- [Activity]:
Starting at the line that contains "this 2212×1659 image.", set down each line exactly until the records end, keeping both ends and adding nothing.

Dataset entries

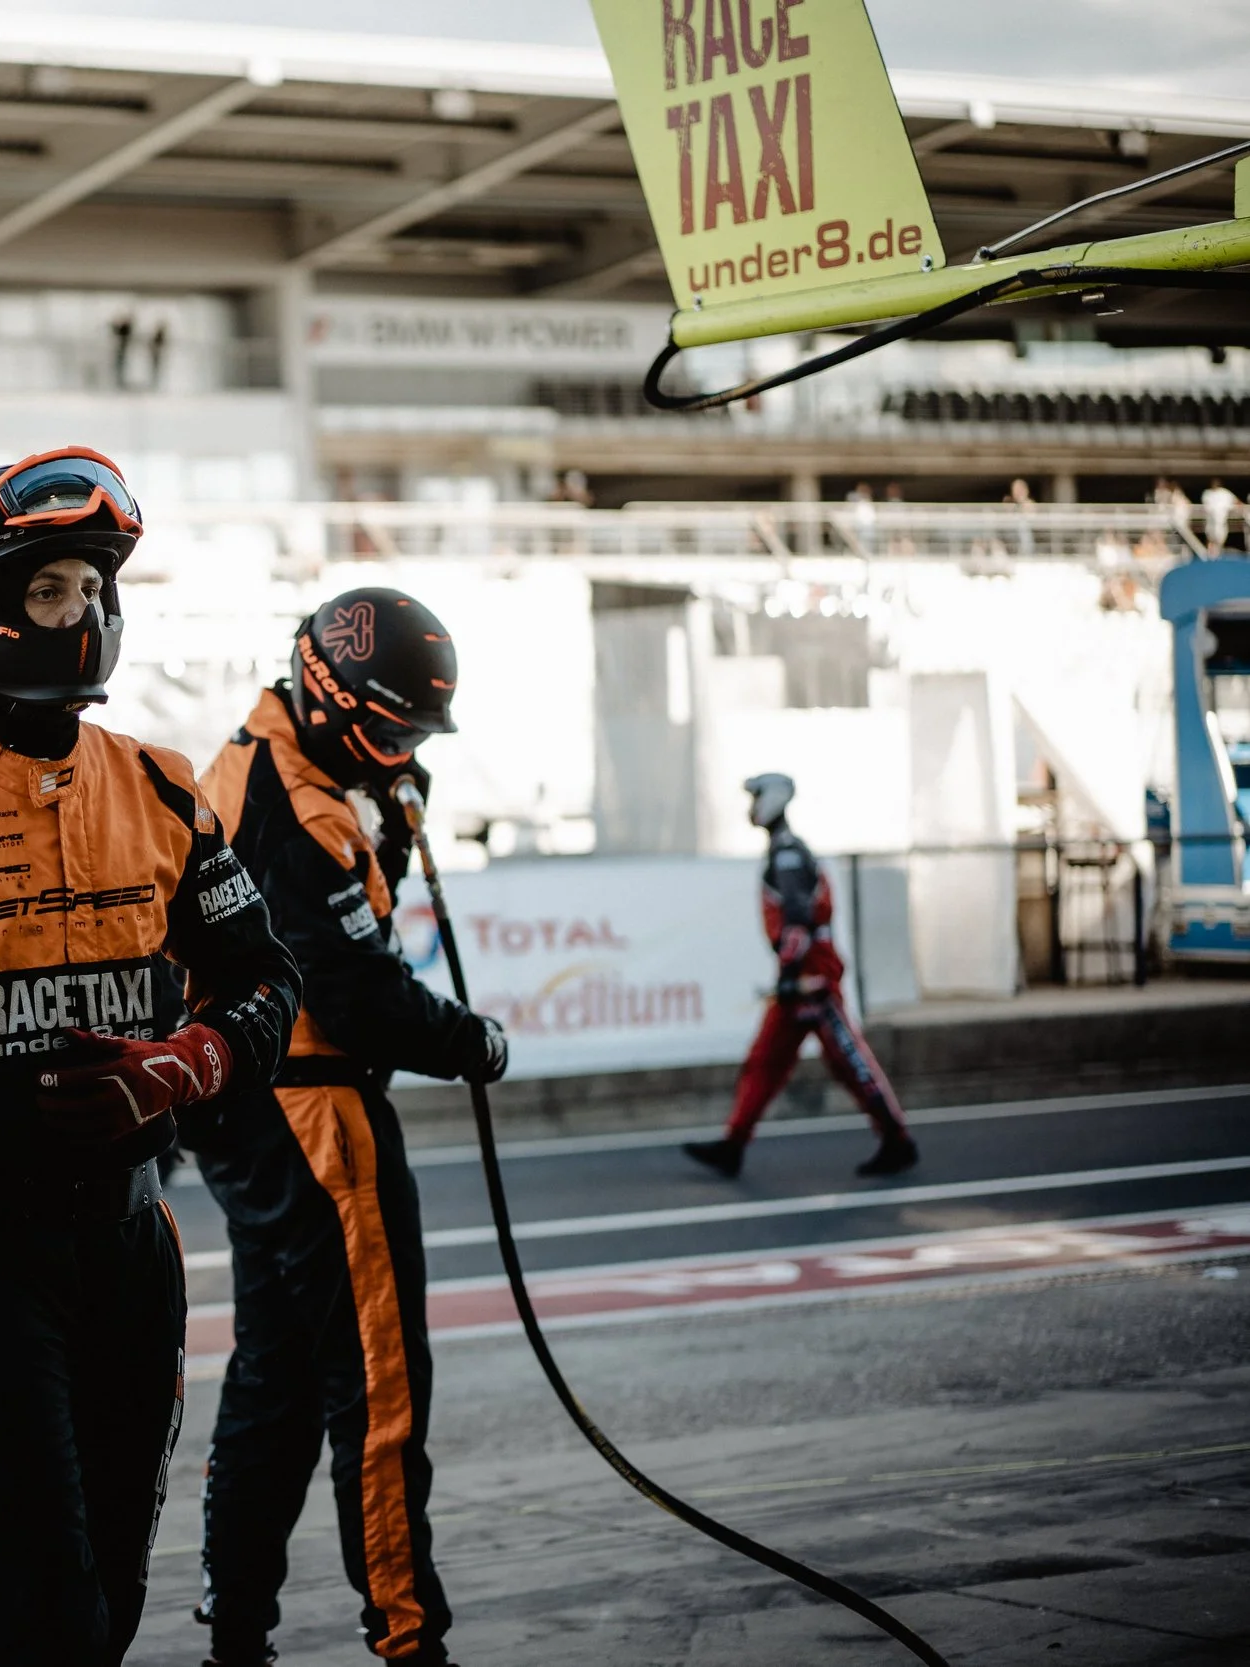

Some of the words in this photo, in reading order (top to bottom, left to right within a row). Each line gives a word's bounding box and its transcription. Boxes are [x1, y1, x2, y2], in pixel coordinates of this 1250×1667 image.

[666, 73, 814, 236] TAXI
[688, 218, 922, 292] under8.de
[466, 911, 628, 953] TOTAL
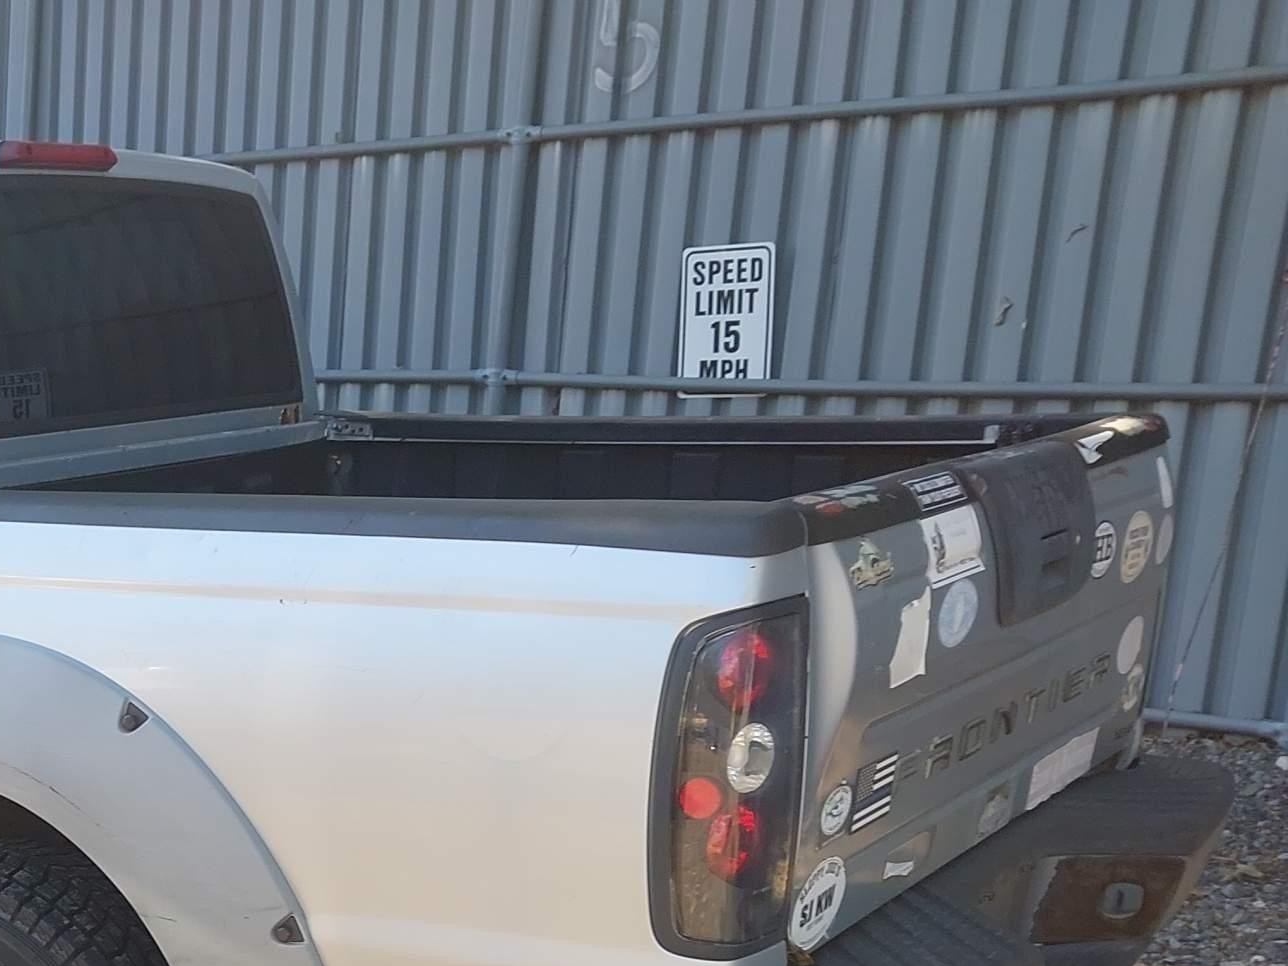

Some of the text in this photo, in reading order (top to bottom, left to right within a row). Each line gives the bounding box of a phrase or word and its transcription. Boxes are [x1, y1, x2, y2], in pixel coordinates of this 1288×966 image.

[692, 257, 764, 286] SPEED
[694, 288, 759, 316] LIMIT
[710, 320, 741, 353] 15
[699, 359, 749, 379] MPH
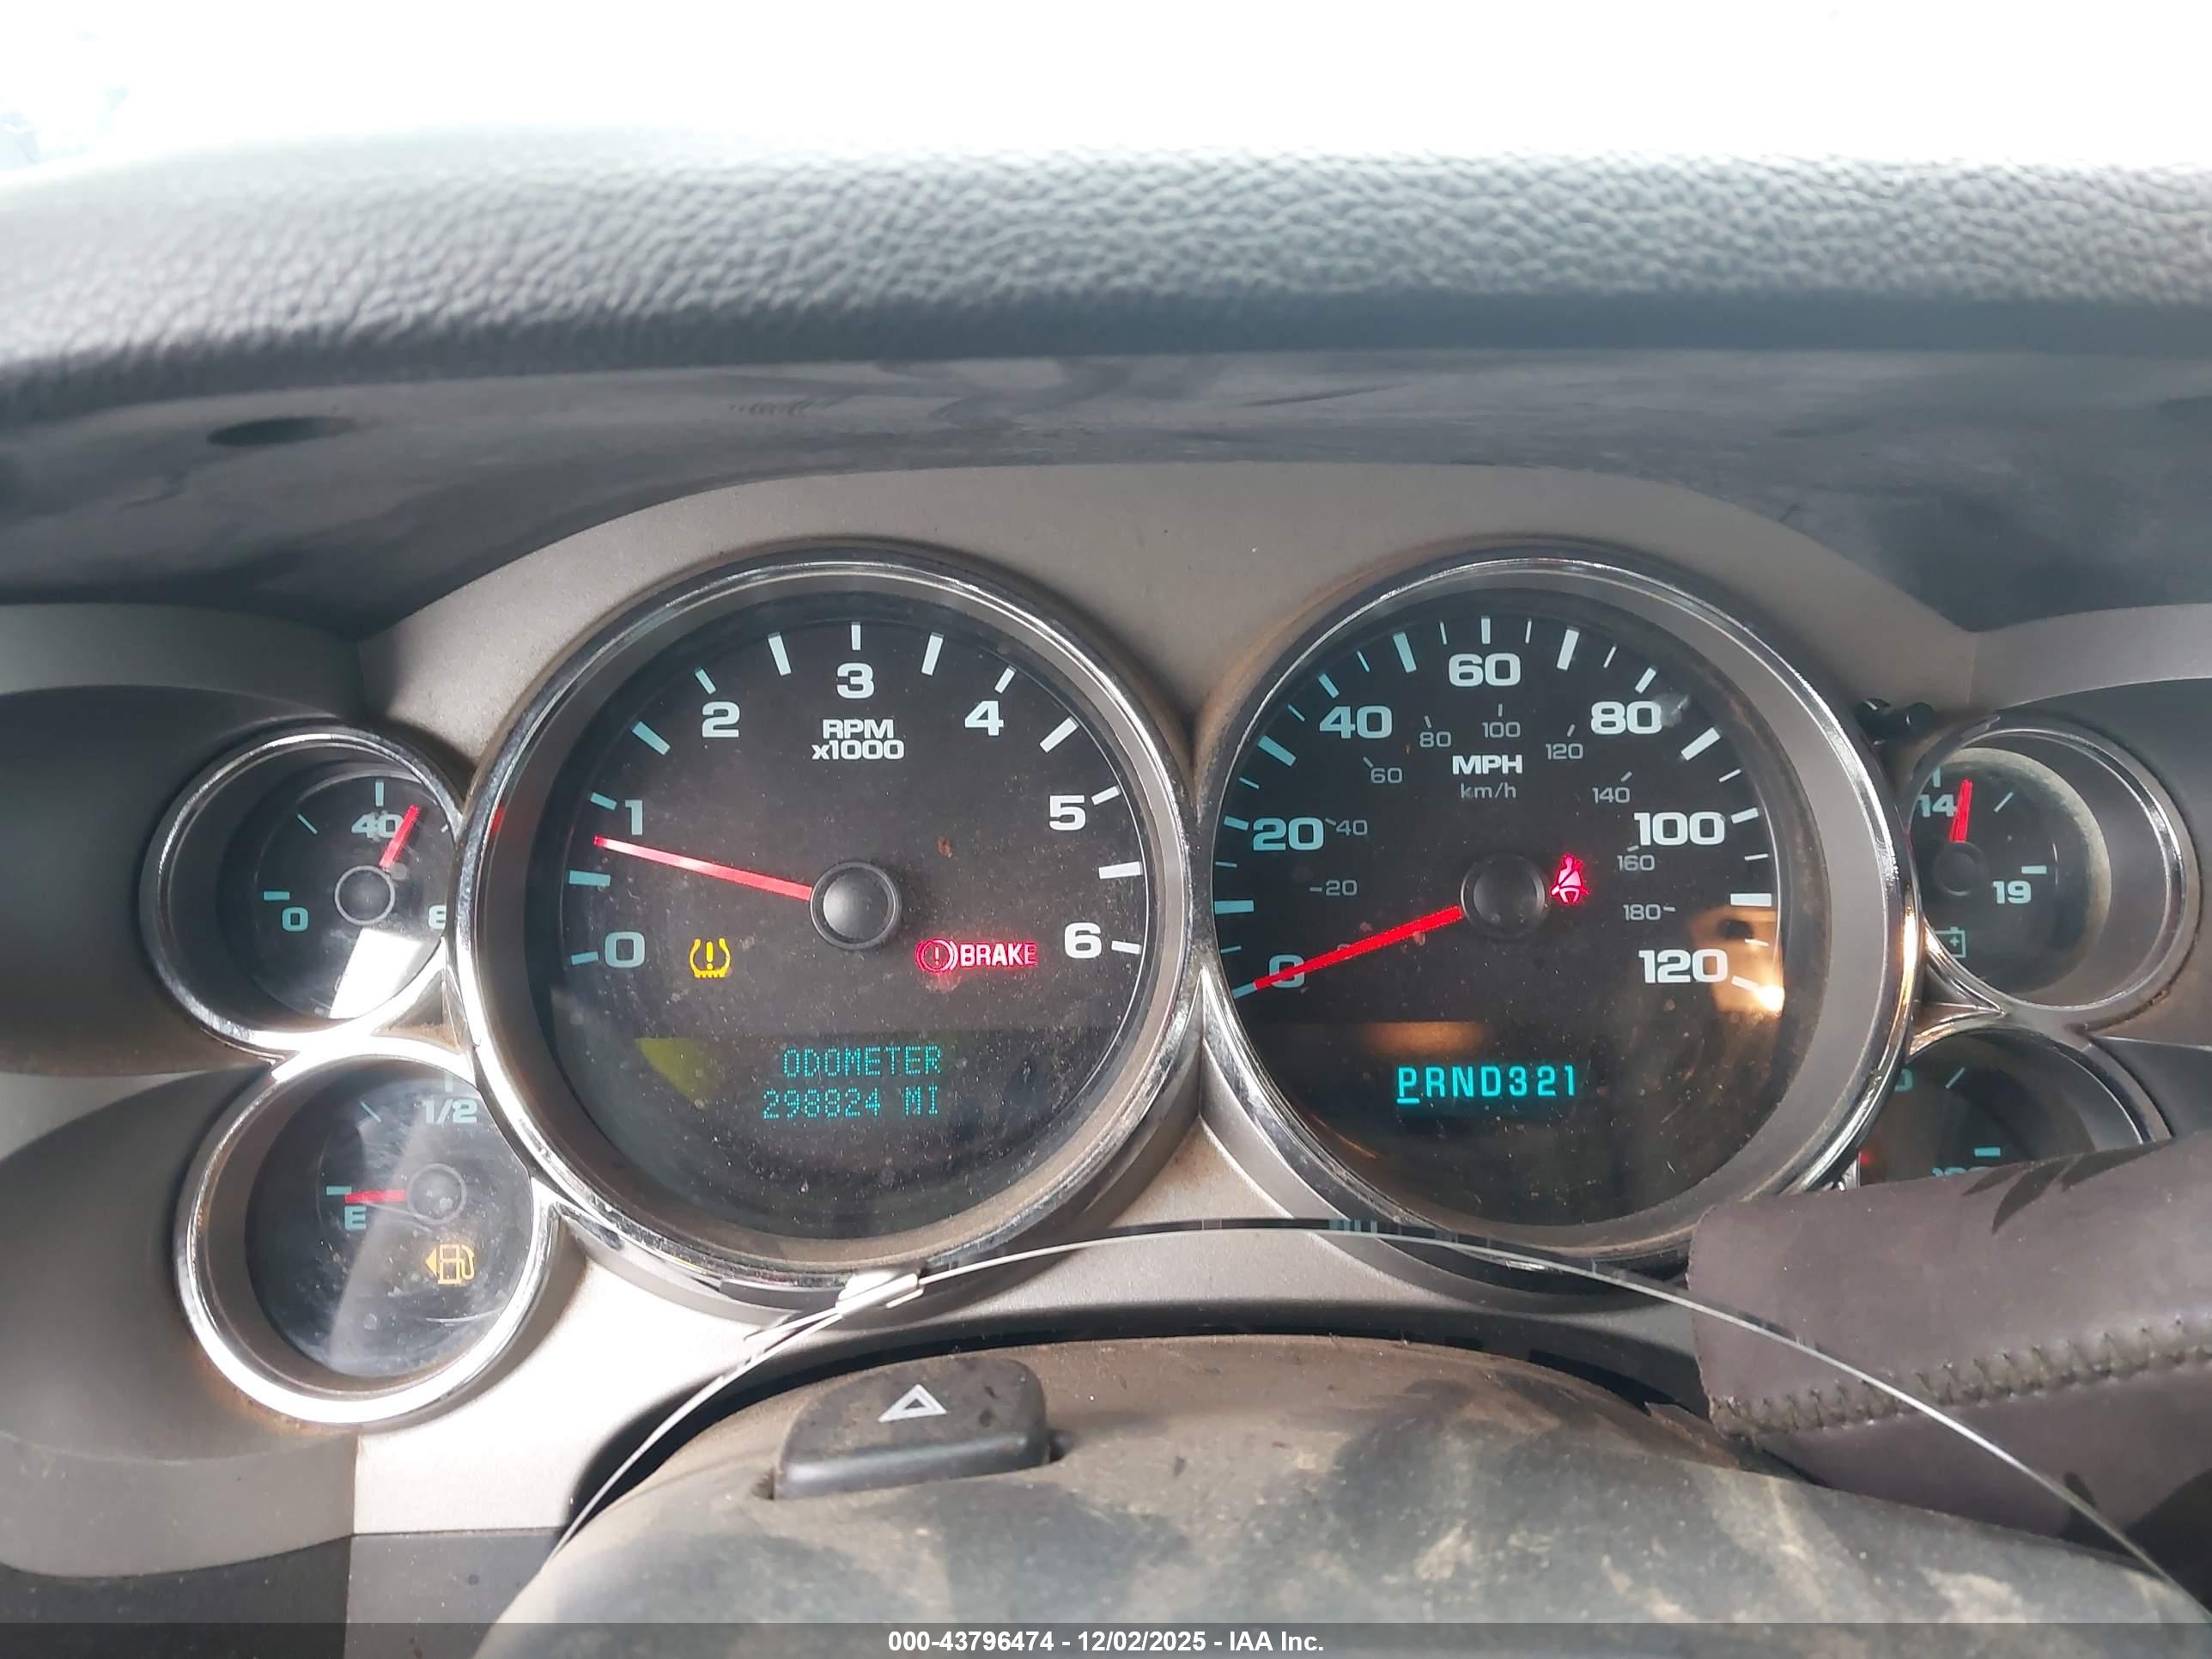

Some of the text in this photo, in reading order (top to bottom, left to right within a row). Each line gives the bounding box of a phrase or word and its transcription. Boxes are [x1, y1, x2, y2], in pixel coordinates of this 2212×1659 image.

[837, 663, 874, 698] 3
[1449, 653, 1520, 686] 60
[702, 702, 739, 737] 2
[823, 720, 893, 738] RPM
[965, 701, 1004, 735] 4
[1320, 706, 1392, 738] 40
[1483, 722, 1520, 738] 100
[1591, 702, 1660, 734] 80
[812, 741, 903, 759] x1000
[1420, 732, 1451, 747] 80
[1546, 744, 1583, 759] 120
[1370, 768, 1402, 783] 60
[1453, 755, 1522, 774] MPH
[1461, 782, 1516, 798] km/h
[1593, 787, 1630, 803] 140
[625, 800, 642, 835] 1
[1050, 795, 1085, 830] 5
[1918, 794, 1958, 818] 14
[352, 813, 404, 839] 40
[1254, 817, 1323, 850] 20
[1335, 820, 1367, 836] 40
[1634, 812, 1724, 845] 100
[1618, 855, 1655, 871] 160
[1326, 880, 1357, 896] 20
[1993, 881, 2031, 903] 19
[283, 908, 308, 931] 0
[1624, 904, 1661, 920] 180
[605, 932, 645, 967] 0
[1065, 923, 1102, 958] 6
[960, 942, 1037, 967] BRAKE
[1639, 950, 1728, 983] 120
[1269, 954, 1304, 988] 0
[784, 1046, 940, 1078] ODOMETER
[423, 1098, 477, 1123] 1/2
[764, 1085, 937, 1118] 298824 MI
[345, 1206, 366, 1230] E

- [Result for this task]:
Some of the text in this photo, in reading order (top to bottom, left to right within a row). Each line gives the bounding box of a phrase or word and its transcription. Boxes are [x1, y1, x2, y2], in pixel coordinates of this 2212×1659 image.

[837, 663, 874, 698] 3
[1449, 653, 1520, 686] 60
[702, 702, 739, 737] 2
[823, 720, 893, 738] RPM
[965, 701, 1004, 735] 4
[1320, 706, 1392, 738] 40
[1483, 722, 1520, 738] 100
[1591, 702, 1660, 734] 80
[812, 741, 903, 759] x1000
[1420, 732, 1451, 747] 80
[1546, 744, 1583, 759] 120
[1370, 768, 1402, 783] 60
[1453, 755, 1522, 774] MPH
[1461, 782, 1516, 798] km/h
[1593, 787, 1630, 803] 140
[625, 800, 642, 835] 1
[1050, 795, 1085, 830] 5
[1918, 794, 1958, 818] 14
[352, 813, 404, 839] 40
[1254, 817, 1323, 850] 20
[1335, 820, 1367, 836] 40
[1634, 812, 1724, 845] 100
[1618, 855, 1655, 871] 160
[1326, 880, 1357, 896] 20
[1993, 881, 2031, 903] 19
[283, 908, 308, 931] 0
[1624, 904, 1661, 920] 180
[605, 932, 645, 967] 0
[1065, 923, 1102, 958] 6
[960, 942, 1037, 967] BRAKE
[1639, 950, 1728, 983] 120
[1269, 954, 1304, 988] 0
[784, 1046, 940, 1078] ODOMETER
[423, 1098, 477, 1123] 1/2
[764, 1085, 937, 1118] 298824 MI
[345, 1206, 366, 1230] E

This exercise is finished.